Shares of EA, the Redwood City, Calif., producer of videogames like "Battlefield," "The Sims" and "FIFA," at last check were down 8% to $118.04.
EA said fiscal-second-quarter revenue declined 15% to $1.15 billion and the company provided a weaker-than-expected revenue outlook for the third quarter and fiscal 2021.
Take-Two, the New York publisher of "Grand Theft Auto" and "NBA 2K," was up 4.1% to $175.64. The company said second-quarter earnings were up 37%
Morgan Stanley, which has an equal-weight rating on Electronic Arts, cut its price target on the stock to $140 from $145, saying the company's weaker-than-expected sales and forecast “speak to greater-than-expected player and payer churn within EA’s core franchises.”
Piper Sandler analyst Yung Kim downgraded EA to neutral from overweight and cut his price target to $133 from $157. Kim said the company's outlook for the December quarter “did little to inspire.”
While Kim said EA has a "top-flight portfolio," the analyst said the recent results indicated near-term catalysts and growth in fiscal 2022 are unclear.
On the other hand, JPMorgan analyst Alexia Quadrani said the post-earnings selloff in EA shares brings them to an attractive entry point.

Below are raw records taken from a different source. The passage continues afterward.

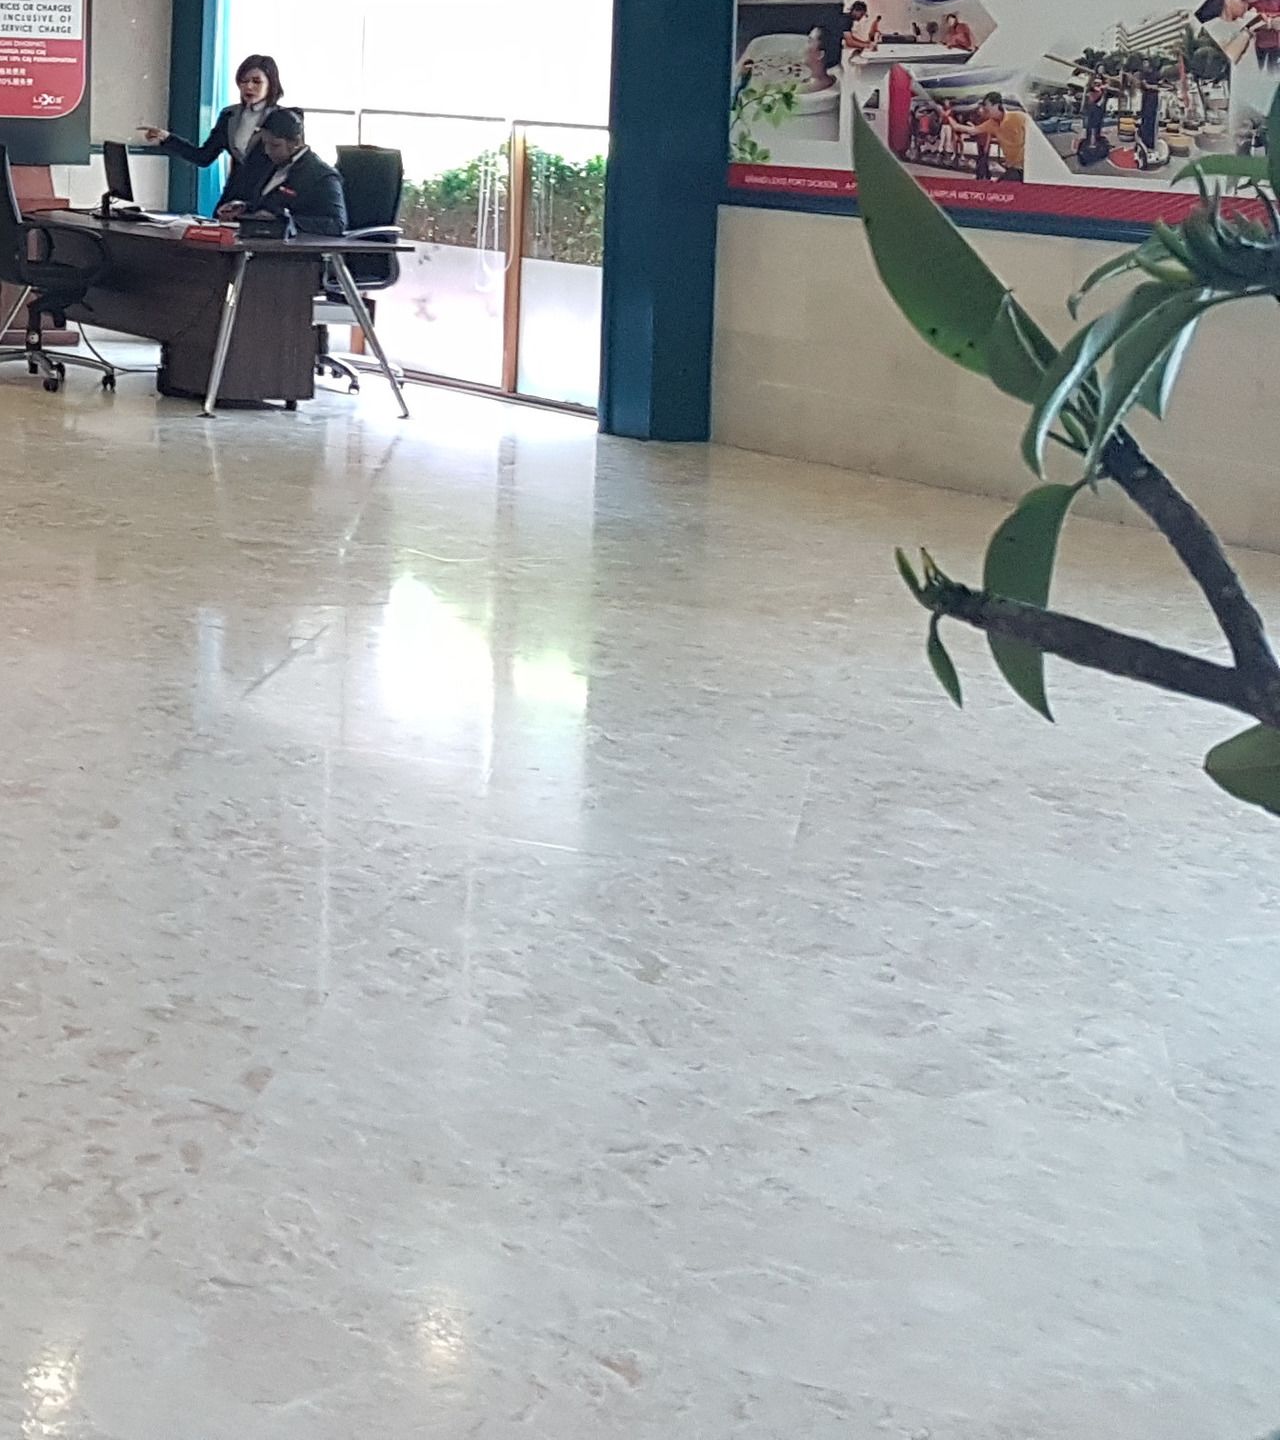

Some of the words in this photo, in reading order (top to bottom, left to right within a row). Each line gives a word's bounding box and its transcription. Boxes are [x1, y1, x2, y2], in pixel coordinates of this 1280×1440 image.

[22, 3, 34, 11] OR
[36, 4, 72, 12] CHARGES
[3, 13, 53, 22] INCLUSIVE
[59, 15, 72, 23] OF
[0, 24, 32, 33] SERVICE
[39, 25, 72, 34] CHARGE

She said the results were "mixed" and management remained cautious on the outlook given uncertainties in the economy as coronavirus cases rise in many parts of the world. She reiterated her overweight rating with a $155 price target.
Meanwhile, Barclays analyst Mario Lu raised his price target on Take-Two Interactive to $210 from $196, while affirming an overweight rating on the shares following the company's fiscal-second-quarter results.
Kim from Piper Sandler cut his price target on Take-Two to $186 from $200, while keeping an overweight rating on the shares.
He said that Take-Two's fiscal 2021 title lineup "has been sparse and shelter-at-home regulations unpredictable," but the combo of "NBA 2K" and "GTA" offset weakness elsewhere.